#### TO DO
In your transcription, keep every record exact and leave out the pictures.

┌─ DATA PROVIDED

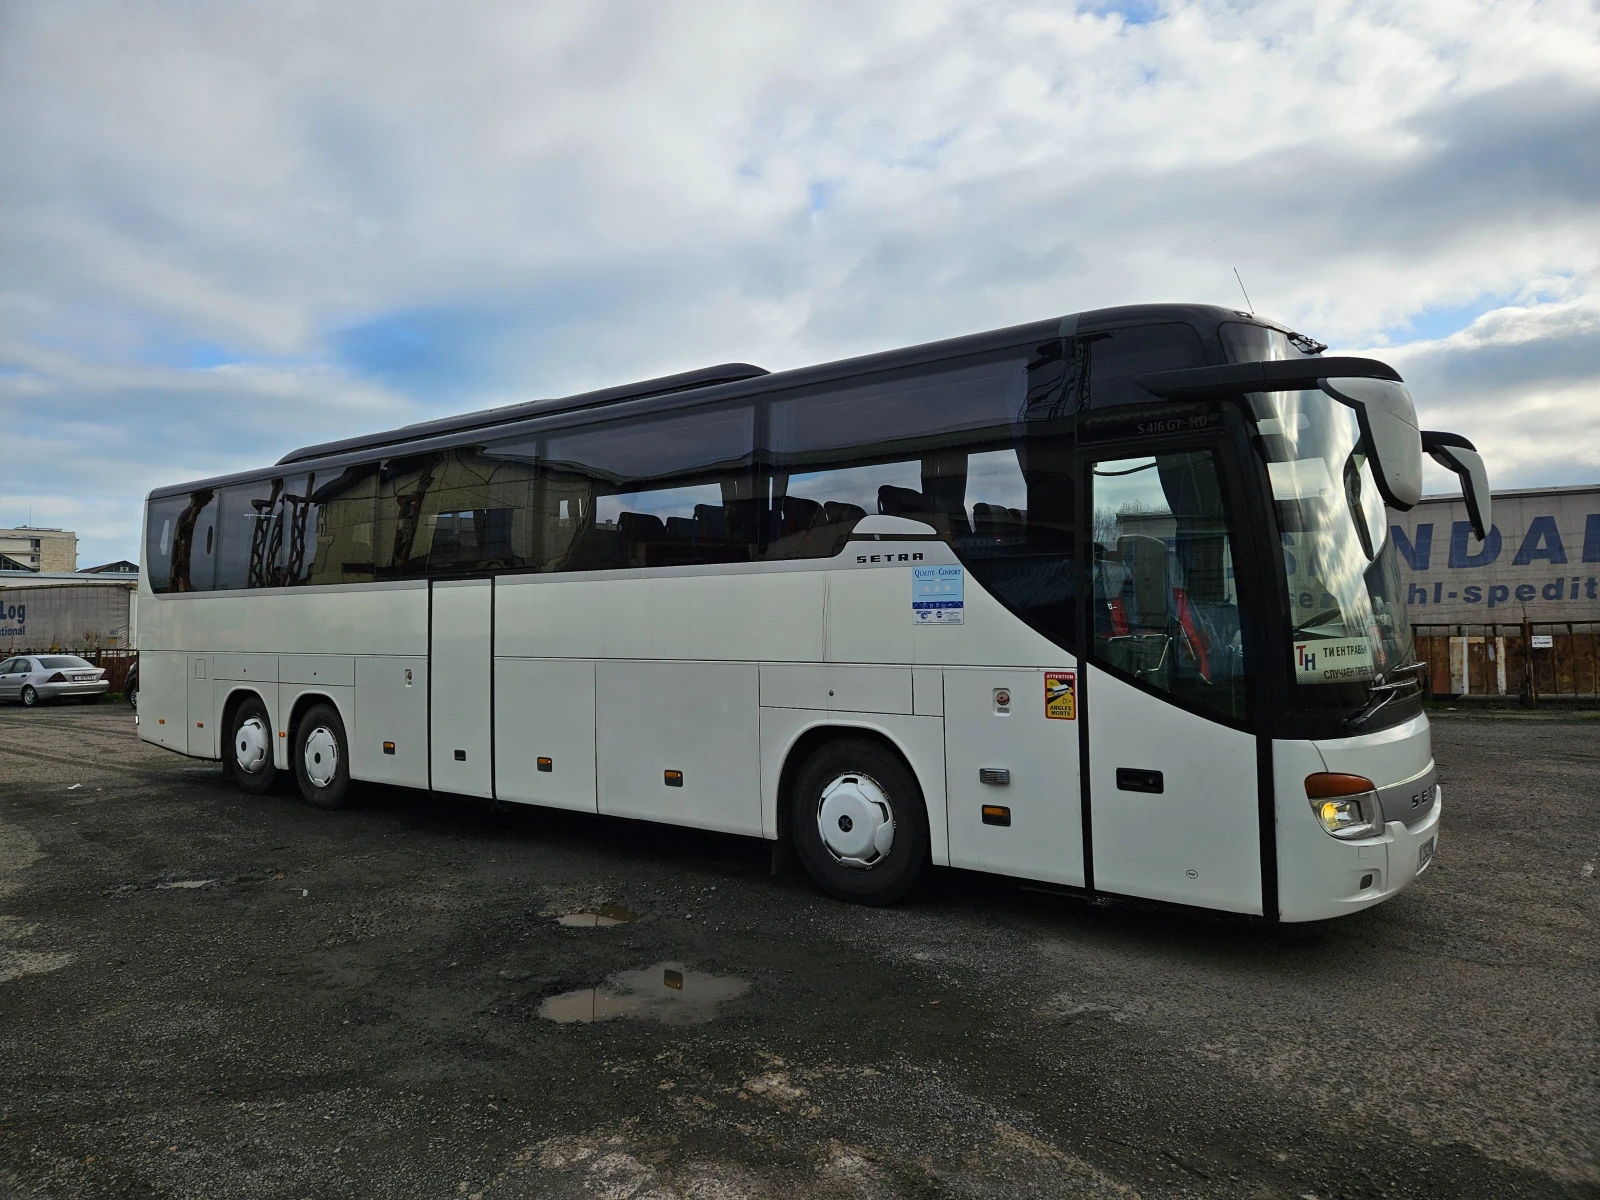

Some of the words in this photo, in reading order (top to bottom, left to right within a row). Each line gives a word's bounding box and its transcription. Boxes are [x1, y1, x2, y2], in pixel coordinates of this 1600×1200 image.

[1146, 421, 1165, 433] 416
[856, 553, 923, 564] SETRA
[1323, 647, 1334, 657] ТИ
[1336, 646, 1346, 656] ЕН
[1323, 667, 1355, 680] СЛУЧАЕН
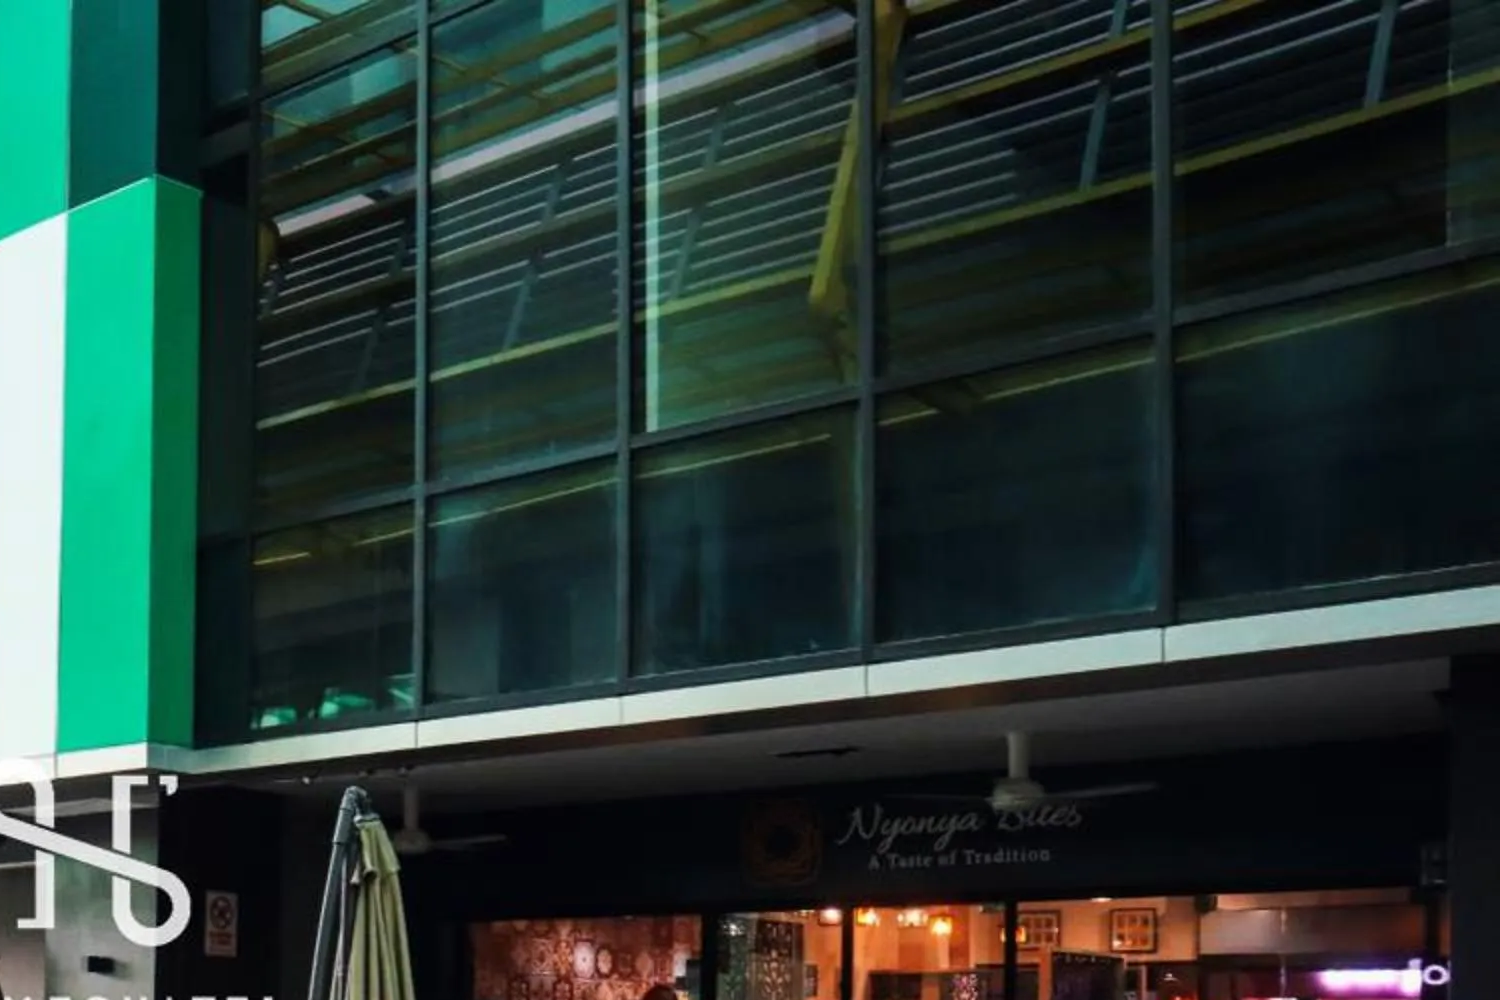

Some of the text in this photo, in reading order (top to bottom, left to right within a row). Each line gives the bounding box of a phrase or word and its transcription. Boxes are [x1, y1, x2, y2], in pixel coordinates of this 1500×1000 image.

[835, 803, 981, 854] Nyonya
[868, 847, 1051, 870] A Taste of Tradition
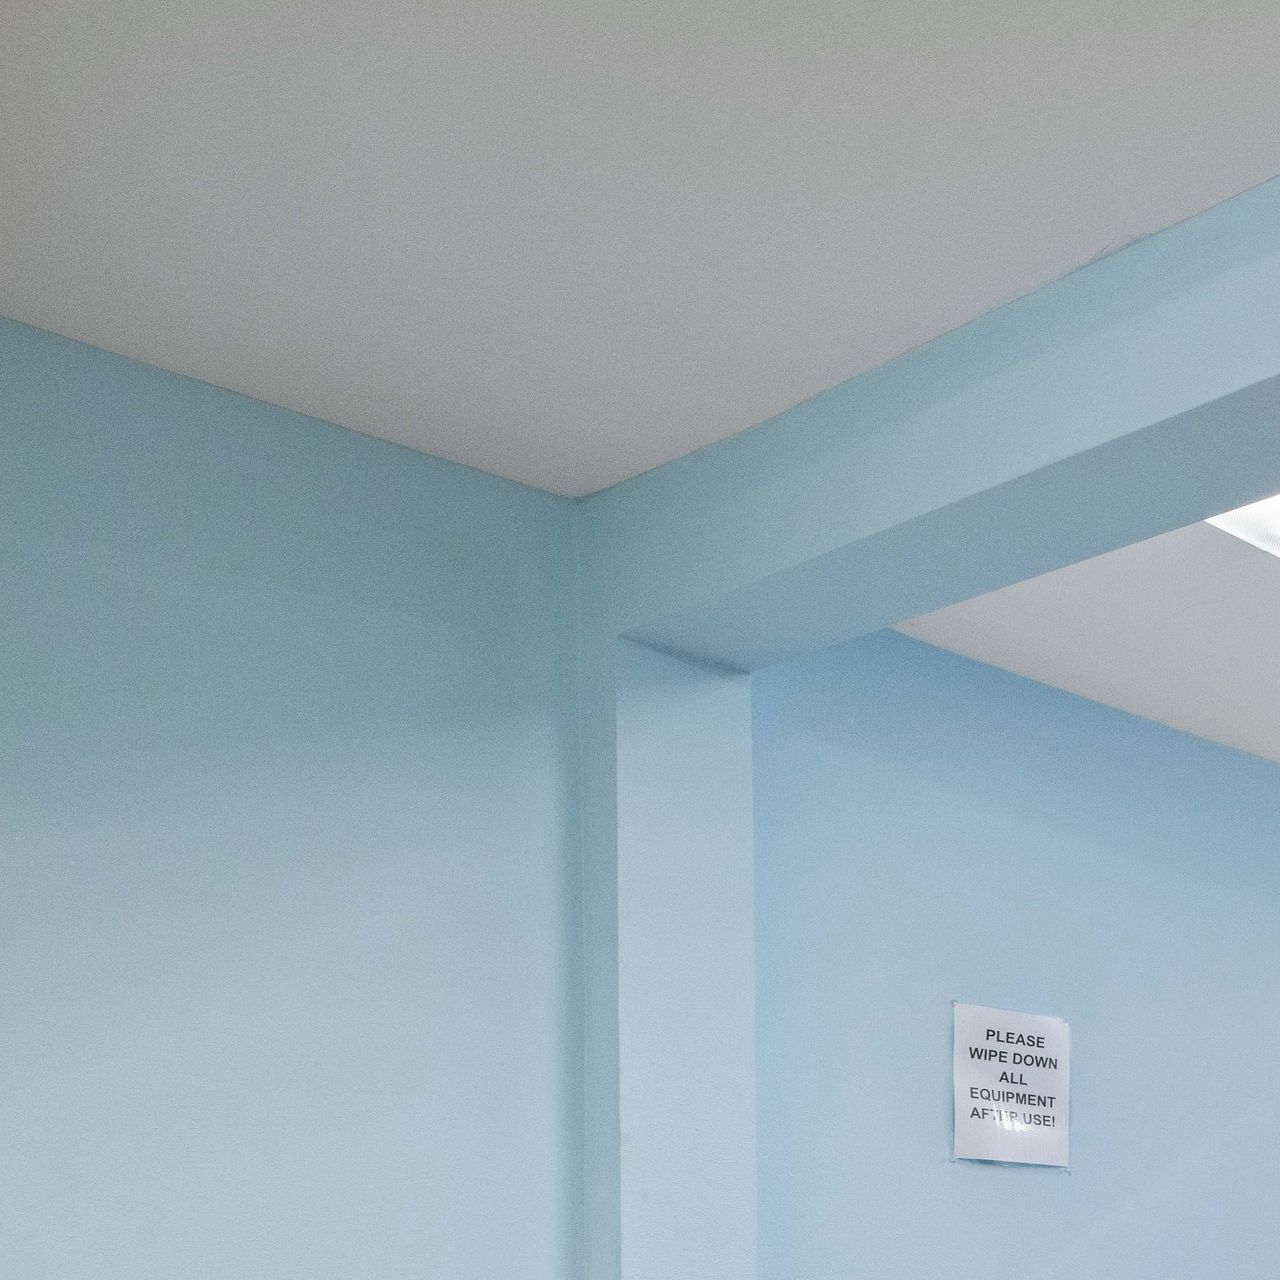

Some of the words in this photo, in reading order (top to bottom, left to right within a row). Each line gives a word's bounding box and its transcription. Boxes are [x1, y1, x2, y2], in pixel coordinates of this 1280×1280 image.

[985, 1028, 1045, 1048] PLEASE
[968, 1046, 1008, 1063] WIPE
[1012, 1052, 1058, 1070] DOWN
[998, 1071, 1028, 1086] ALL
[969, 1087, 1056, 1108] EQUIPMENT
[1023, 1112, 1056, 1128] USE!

└─

#### COMPLETED EXERCISE
Some of the words in this photo, in reading order (top to bottom, left to right within a row). Each line gives a word's bounding box and its transcription. Boxes are [x1, y1, x2, y2], in pixel coordinates of this 1600×1200 image.

[1146, 421, 1165, 433] 416
[856, 553, 923, 564] SETRA
[1323, 647, 1334, 657] ТИ
[1336, 646, 1346, 656] ЕН
[1323, 667, 1355, 680] СЛУЧАЕН

Some of the text in this photo, in reading order (top to bottom, left to right within a row). Each line gives the bounding box of a phrase or word and its transcription. Boxes are [x1, y1, x2, y2], in pixel coordinates of this 1500×1000 image.

[835, 803, 981, 854] Nyonya
[868, 847, 1051, 870] A Taste of Tradition

Some of the words in this photo, in reading order (top to bottom, left to right within a row). Each line gives a word's bounding box and its transcription. Boxes are [x1, y1, x2, y2], in pixel coordinates of this 1280×1280 image.

[985, 1028, 1045, 1048] PLEASE
[968, 1046, 1008, 1063] WIPE
[1012, 1052, 1058, 1070] DOWN
[998, 1071, 1028, 1086] ALL
[969, 1087, 1056, 1108] EQUIPMENT
[1023, 1112, 1056, 1128] USE!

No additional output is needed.